Fiziki koşullar, dayatmalar, baskı politikaları bu olunca…
Bu zulüm politikalarına karşı tutsakların çok daha fazla iradi davranması, günlük yaşamını planlaması, disipline etmesi şart oluyor.
Baysal yalnızlığını 1 saatlik havalandırma hakkında diğer hücrelerden gelen toplardaki notalarla, çevresine seslenerek ve hücresini hayvanlarla paylaşarak gideriyor.
Bir de iletişim cezası yoksa şayet, mektuplardaki sohbetlerle yalnızlığını paylaşıyor.
Zira anne-baba ve ablasından ibaret olan görüşçüleri yılda sadece 2 defa ziyaretine gidebiliyorlarmış.
15 günde 1 kez 10 dakikalık telefon hakkı dışında hükümlü olduğu için ne avukat görüşü var nede ağırlaştırılmış müebbet hapis cezasına çarptırıldığı için üç kişilik arkadaş görüşçüsü var…
Tek kişilik hücresinin 2010 yılında Abiye ve Behlül adını verdiği bir çift kumruyla paylaşıyormuş.
Hücrede bu kumru çiftin kullandığı alanlara kesinlikle müdahale etmiyormuş.

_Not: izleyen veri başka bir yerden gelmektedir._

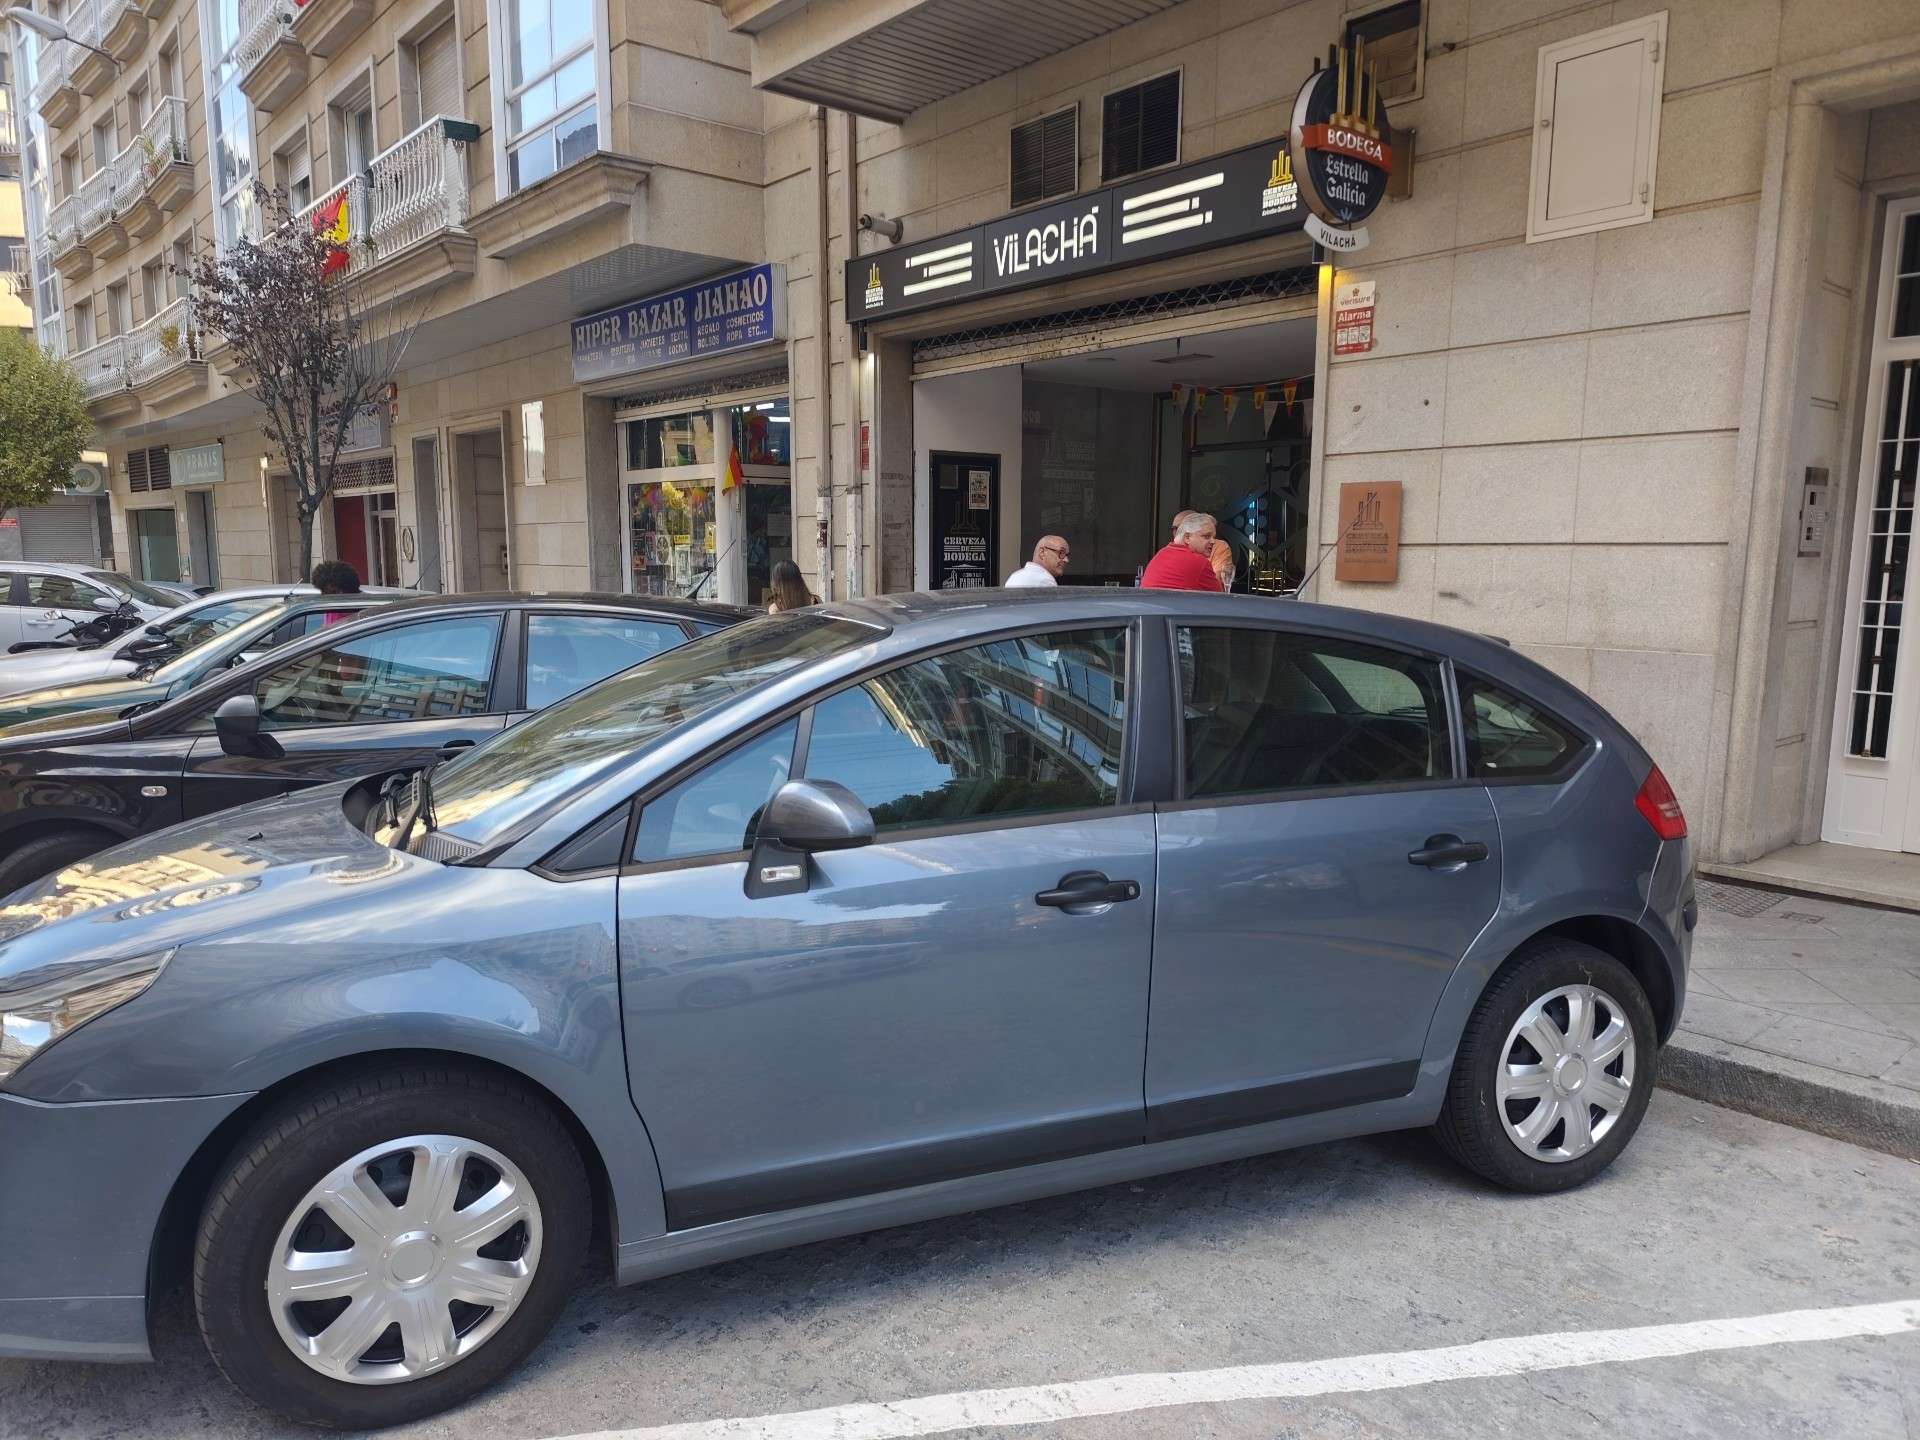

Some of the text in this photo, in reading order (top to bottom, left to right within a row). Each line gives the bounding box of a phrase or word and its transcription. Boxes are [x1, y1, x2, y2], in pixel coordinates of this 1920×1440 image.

[1327, 128, 1383, 161] BODEGA
[1325, 154, 1369, 184] Estrella
[1326, 177, 1366, 206] Galicia
[575, 273, 767, 350] HIPER BAZAR JIAHAO
[697, 322, 720, 336] REGALO
[726, 310, 764, 329] COSMETICOS
[1338, 310, 1371, 323] Alarma
[726, 329, 743, 343] ROPA
[943, 536, 987, 545] CERVEZA
[943, 552, 986, 561] BODEGA
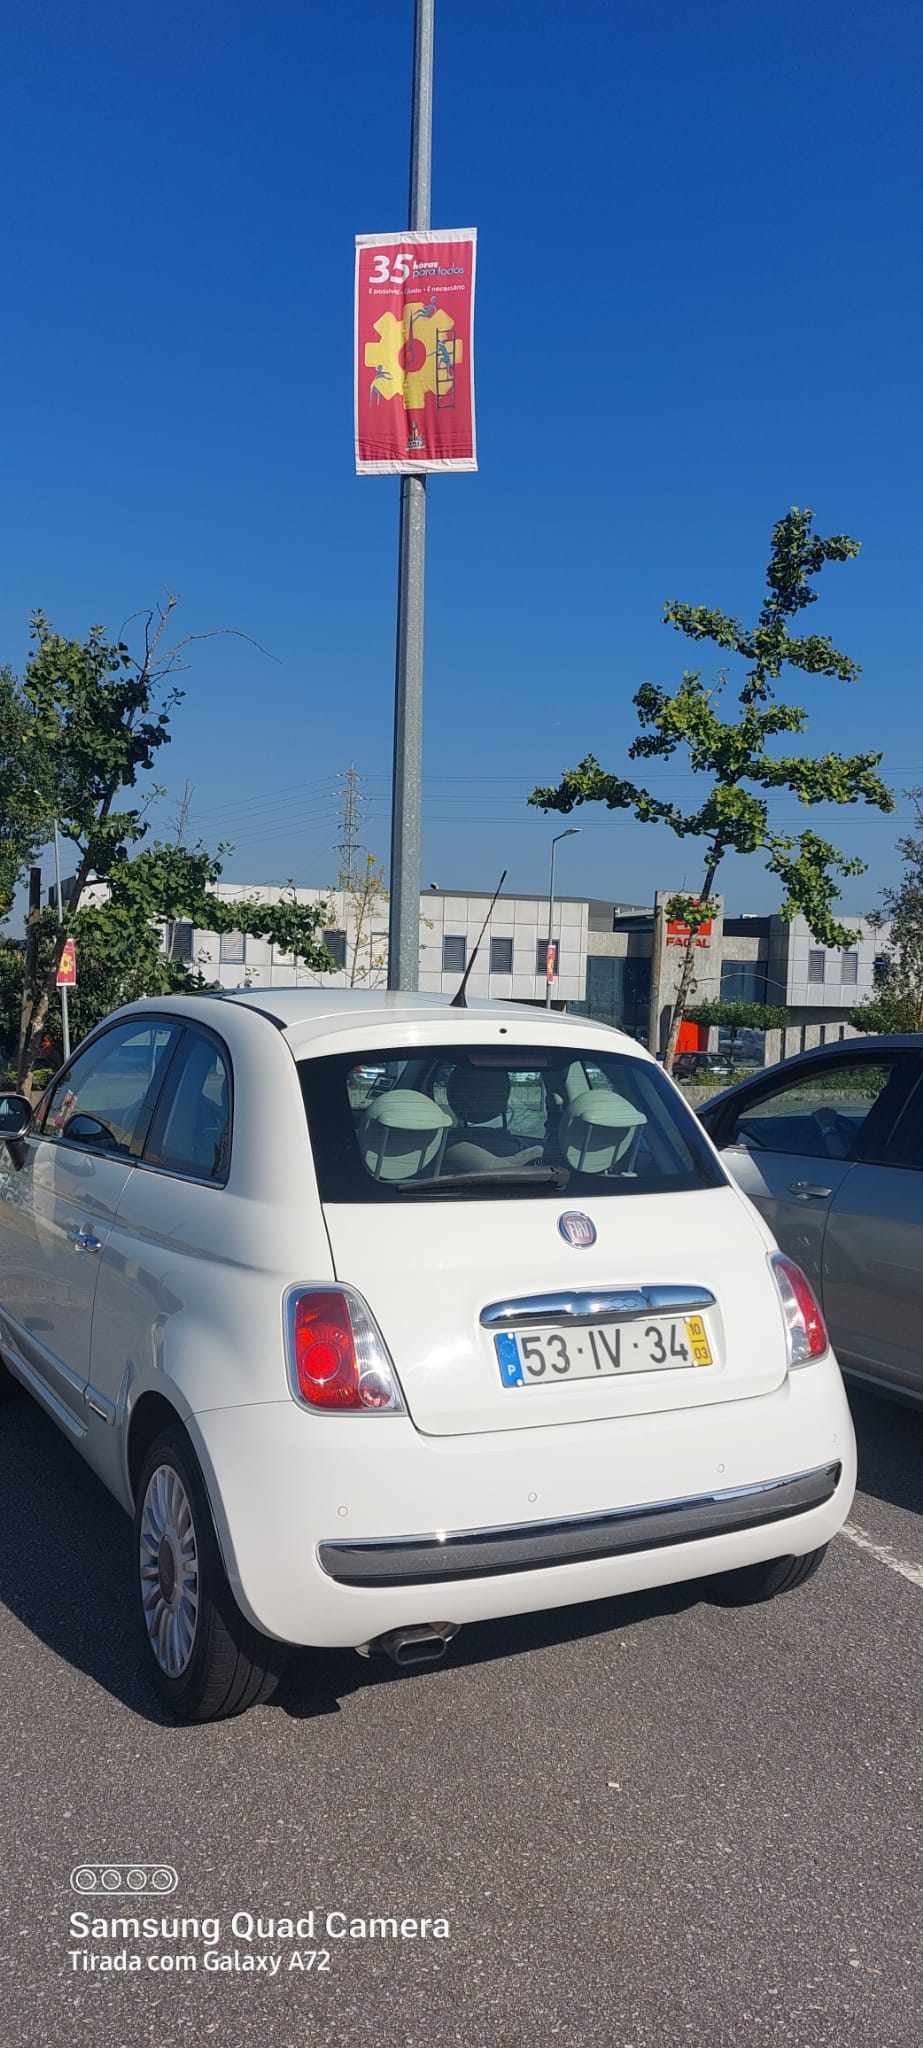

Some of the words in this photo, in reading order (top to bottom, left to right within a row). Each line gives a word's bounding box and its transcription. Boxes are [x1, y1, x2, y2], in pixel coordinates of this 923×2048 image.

[368, 253, 414, 284] 35
[413, 260, 439, 269] horas
[413, 268, 436, 280] para
[688, 1323, 701, 1335] 10
[694, 1348, 708, 1360] 03
[507, 1365, 516, 1376] P
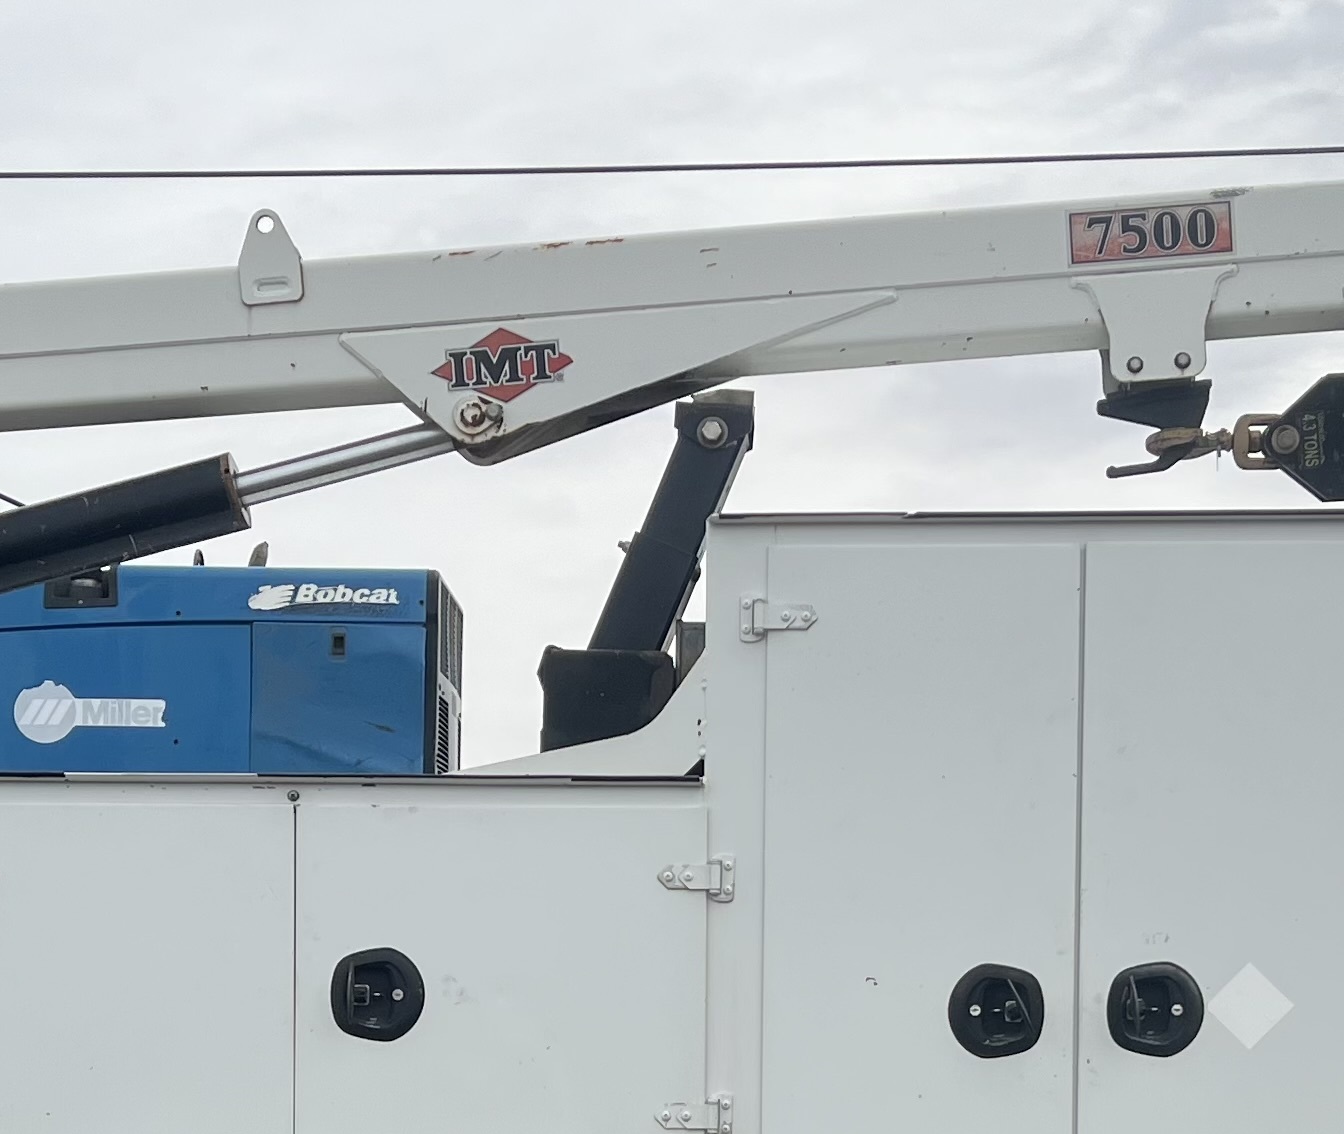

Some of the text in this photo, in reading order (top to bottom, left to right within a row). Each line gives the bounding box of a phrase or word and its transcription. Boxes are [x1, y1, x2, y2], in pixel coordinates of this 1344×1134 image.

[1083, 205, 1217, 258] 7500
[444, 338, 560, 392] IMT
[1303, 435, 1319, 467] TONS
[295, 583, 400, 604] Bobcat
[82, 700, 163, 724] Miller

Baysal hücresinde tam bir demokrasinin hâkim olduğunun altını özel olarak çizmiş.
Karıncaların ve kalorifer böceklerinin de hücrede özel alanları varmış.
Her yıkayışında hücreyi, nemden dolayı çıkan mantarları temizliyormuş.
Demiş ki:
“…anlayacağın gerek hayvanlar, gerekse de bitkiler şu küçük hücrede de beni yalnız bırakmıyorlar. Birlikte kardeş kardeş yaşıyoruz, (…) Ben onları seviyorum. Çirkin canlarım benim. Hoş ben de çok yakışıklı olmadığım için olarla bir şekilde aynı durumdayım…
Temizlik faslından sonra saat ona kadar kitap okuyup, on-oniki arasında sohbet faslına geçiyormuş Baysal.
Tek kişilik bir hücrede sohbet saatimi olurmuş demeyin sakın.
Arkadaşlarına anlatacağı toplar için notlarını yazıp, değişik hapishanelerden mektuplaştığı dostlarıyla, yoldaşlarıyla yazarak sohbet ediyormuş.
İnsan kör bir hücrede tek başına yaşamaya mahkûm edilince sohbetleri de böyle oluyor!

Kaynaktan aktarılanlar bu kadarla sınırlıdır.